• Exercise goal: Each record below should be written out again exactly.

• The records:
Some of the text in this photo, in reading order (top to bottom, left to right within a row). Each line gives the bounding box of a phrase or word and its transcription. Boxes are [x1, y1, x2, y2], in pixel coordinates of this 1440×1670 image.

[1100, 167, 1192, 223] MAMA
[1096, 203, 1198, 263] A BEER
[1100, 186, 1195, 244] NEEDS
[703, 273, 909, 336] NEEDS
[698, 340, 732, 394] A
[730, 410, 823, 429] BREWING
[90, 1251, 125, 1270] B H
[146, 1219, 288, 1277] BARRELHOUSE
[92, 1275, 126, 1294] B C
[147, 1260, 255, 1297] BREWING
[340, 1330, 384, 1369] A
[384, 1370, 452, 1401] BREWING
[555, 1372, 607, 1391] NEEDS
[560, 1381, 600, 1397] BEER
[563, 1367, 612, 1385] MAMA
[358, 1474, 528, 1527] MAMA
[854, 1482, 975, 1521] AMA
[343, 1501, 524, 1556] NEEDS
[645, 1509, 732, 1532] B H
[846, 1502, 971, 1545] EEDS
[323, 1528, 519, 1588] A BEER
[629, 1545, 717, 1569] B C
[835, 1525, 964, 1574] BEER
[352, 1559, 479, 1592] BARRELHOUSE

• Worked solution:
Some of the text in this photo, in reading order (top to bottom, left to right within a row). Each line gives the bounding box of a phrase or word and its transcription. Boxes are [x1, y1, x2, y2], in pixel coordinates of this 1440×1670 image.

[1100, 167, 1192, 223] MAMA
[1096, 203, 1198, 263] A BEER
[1100, 186, 1195, 244] NEEDS
[703, 273, 909, 336] NEEDS
[698, 340, 732, 394] A
[730, 410, 823, 429] BREWING
[90, 1251, 125, 1270] B H
[146, 1219, 288, 1277] BARRELHOUSE
[92, 1275, 126, 1294] B C
[147, 1260, 255, 1297] BREWING
[340, 1330, 384, 1369] A
[384, 1370, 452, 1401] BREWING
[555, 1372, 607, 1391] NEEDS
[560, 1381, 600, 1397] BEER
[563, 1367, 612, 1385] MAMA
[358, 1474, 528, 1527] MAMA
[854, 1482, 975, 1521] AMA
[343, 1501, 524, 1556] NEEDS
[645, 1509, 732, 1532] B H
[846, 1502, 971, 1545] EEDS
[323, 1528, 519, 1588] A BEER
[629, 1545, 717, 1569] B C
[835, 1525, 964, 1574] BEER
[352, 1559, 479, 1592] BARRELHOUSE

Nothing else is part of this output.